Their initial involvement is often the consequence of their being duped, or coerced by threats of physical violence towards themselves or family members in their homelands. Once ensnared, the depth of the suffering that is inflicted upon them in the course of the forced practice of their ‘trade’ can scarcely be imagined.
The plight of those who find themselves trapped in this dreadful situation, the difficulties they face in accessing assistance in escaping it, and the need for ongoing support services to ensure they can heal and survive in the future, are graphically communicated in the recently published Annual Report of the Ruhama organisation, which assisted 91 suspected victims of sex trafficking last year.
Ruhama’s Sarah Benson cuts to the quick of their dilemma, and cuts through much of the ambivalence and timidity that can frame attitudes to this subject, when she remarks: “Most people in society know that prostitution is harmful; no parent this week, as they sit with their children discussing CAO offers, will be considering prostitution as a career option for their son or daughter.”

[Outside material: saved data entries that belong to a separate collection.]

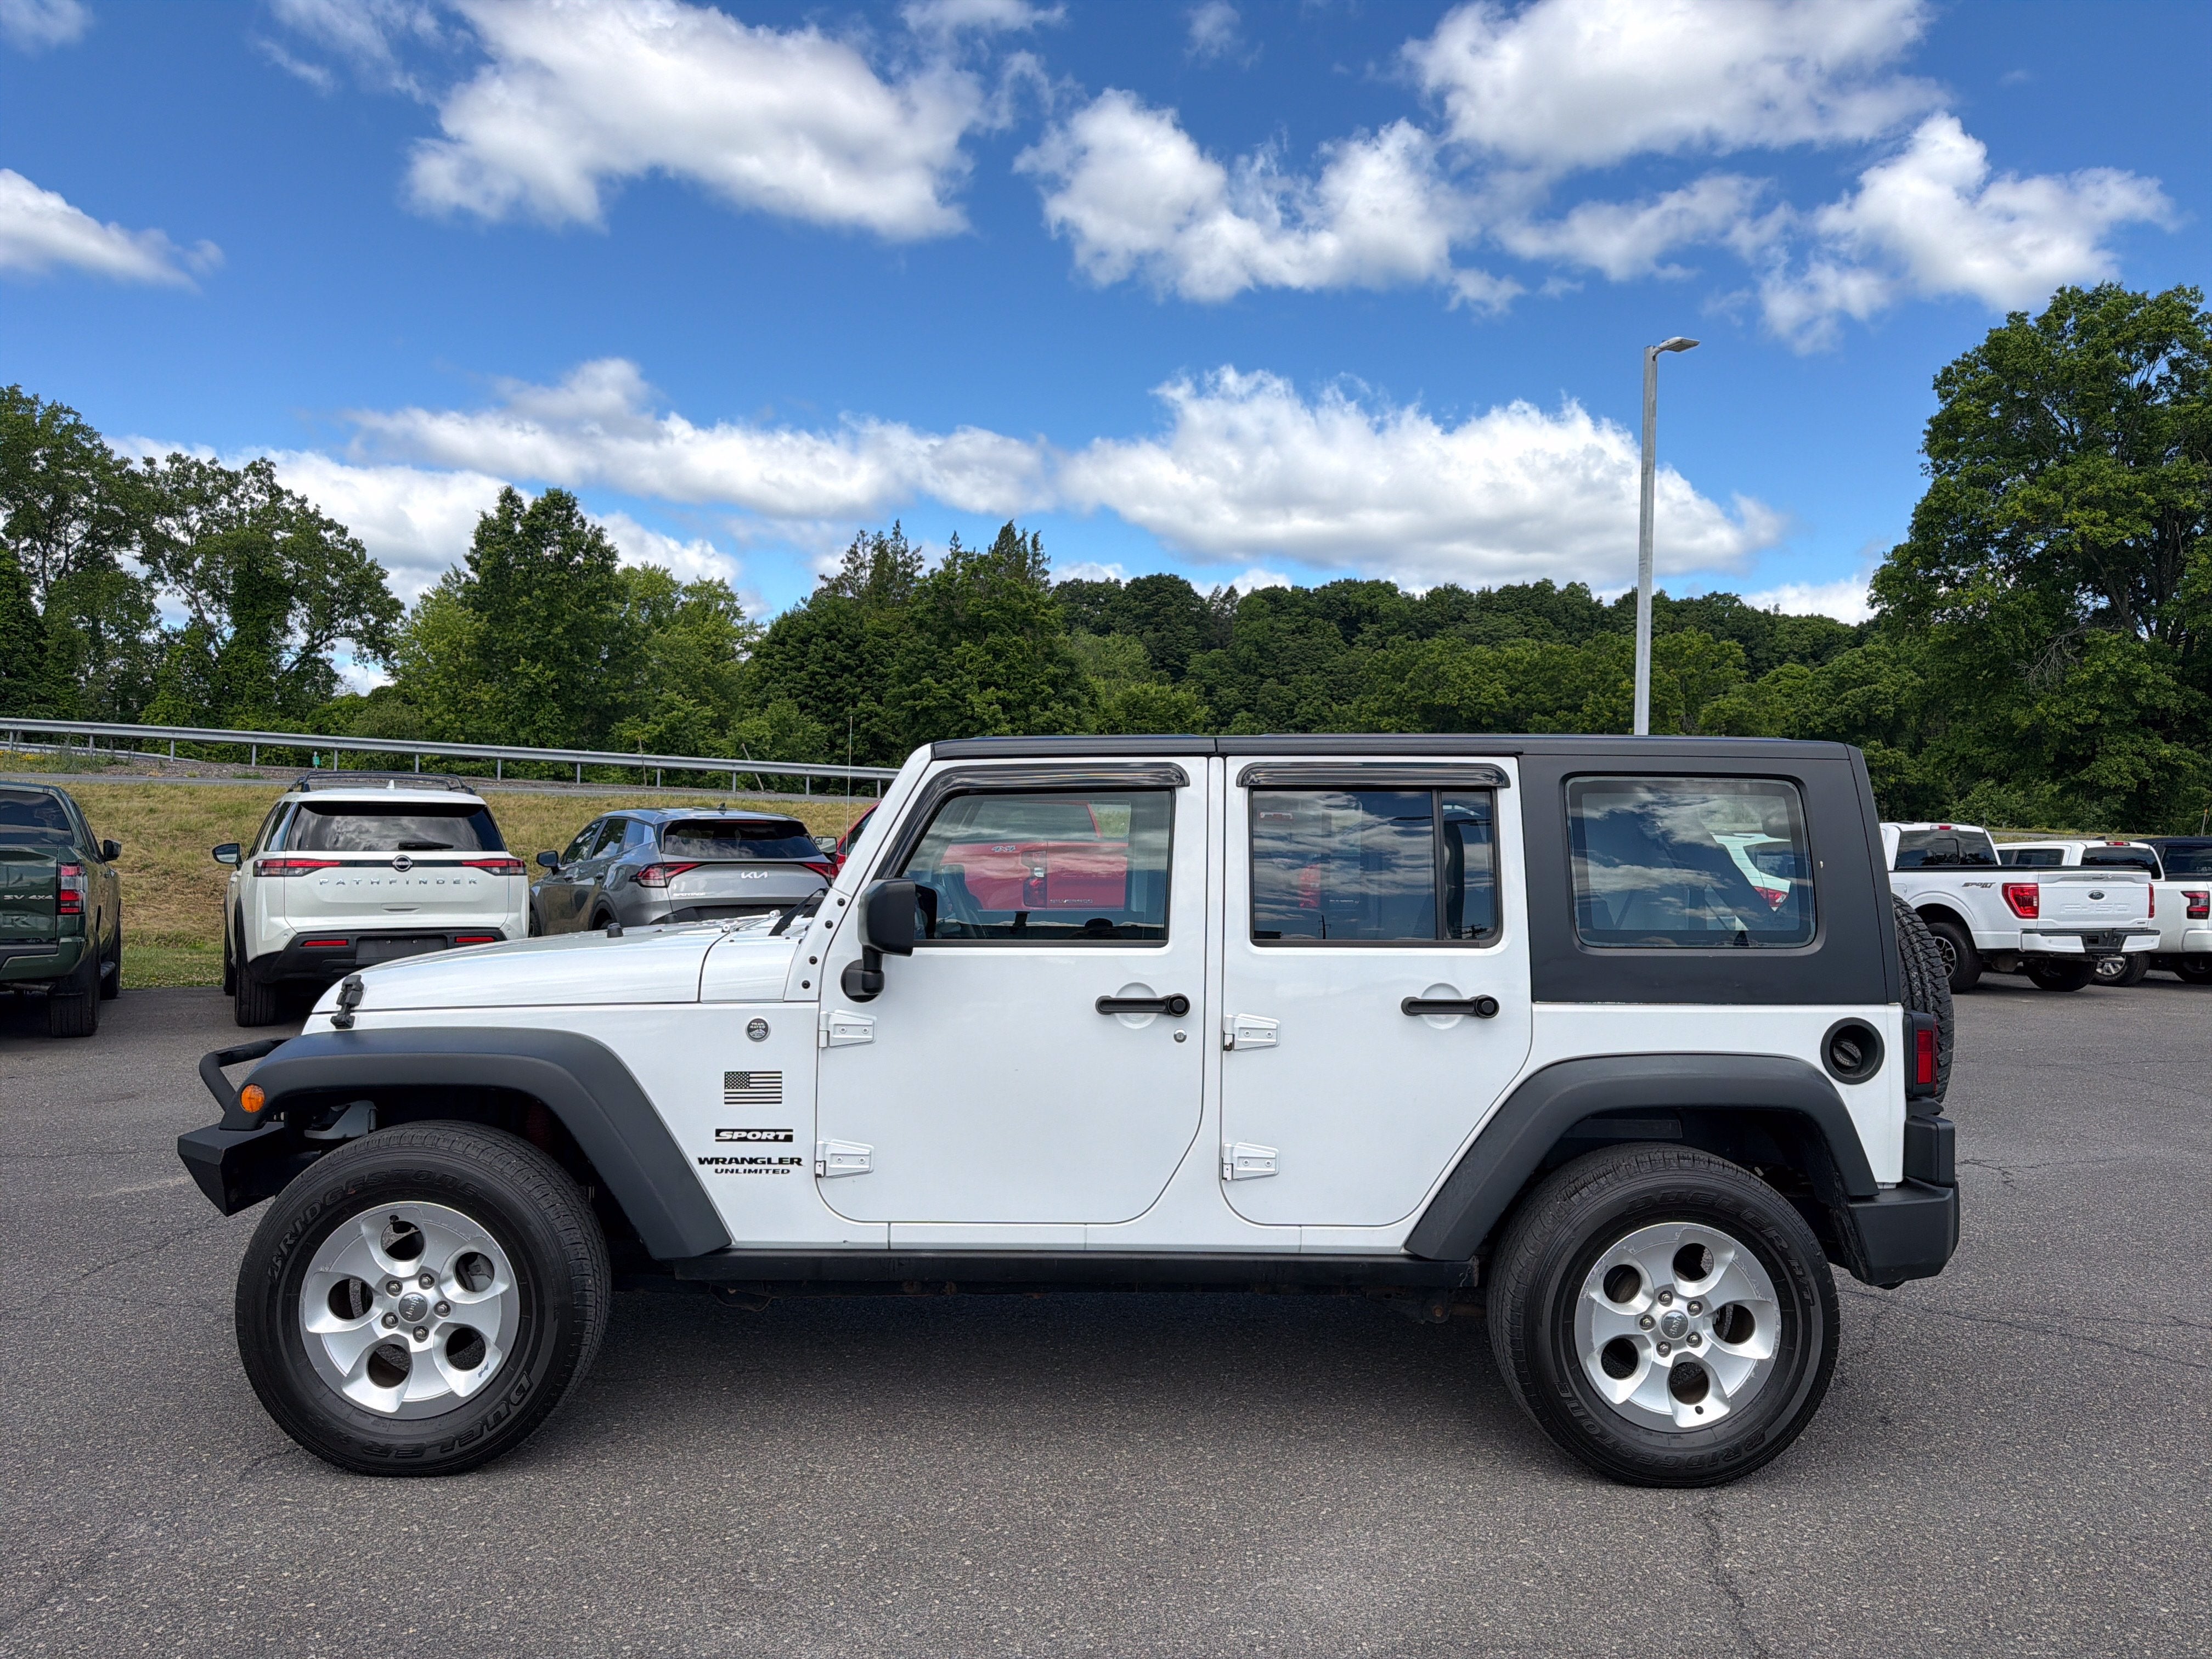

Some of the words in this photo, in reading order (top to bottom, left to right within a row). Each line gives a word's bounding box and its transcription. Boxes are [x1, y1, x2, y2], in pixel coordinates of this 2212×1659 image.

[2060, 903, 2131, 913] F-150
[716, 1130, 793, 1141] SPORT
[697, 1156, 804, 1166] WRANGLER
[1624, 1189, 1789, 1250] DUELER
[363, 1371, 533, 1459] DUELER

Immigrant Council of Ireland Chief Executive Denise Charlton, who penned a powerful article on the topic of sex trafficking in Ireland for this newspaper recently, this week hailed moves in Northern Ireland to hold a public consultation exercise on the topic of outlawing payments for sexual services (see story, page two).
Ms Charlton sees an opportunity emerging for the harmonisation of legislation on both sides of the Border in order to make it difficult for sex traffickers to operate here.
Such legislative coherence seems a pre-requisite for any serious address of this problem. We would encourage readers who have concerns about this matter to lobby their politicians at both local and national level in order to build the tide of popular pressure that will be necessary, one feels, to have this matter given any serious priority on the parliamentary schedule of the Government in the remainder of its term in office.
The Dept of Justice has invited public submissions on how the law on prostitution in this country should be shaped in the future, and this is also a means by which public concerns on the topic can be raised.
We would call upon our readership to be vocal in this regard – and also to be vigilant about any manifestation of the sex trade in their midst, and report their observations and suspicions to the Gardai.
It is surely time to end the often shameful silence that surrounds the issues of prostitution and sex trafficking in this country – and in our Border region in particular.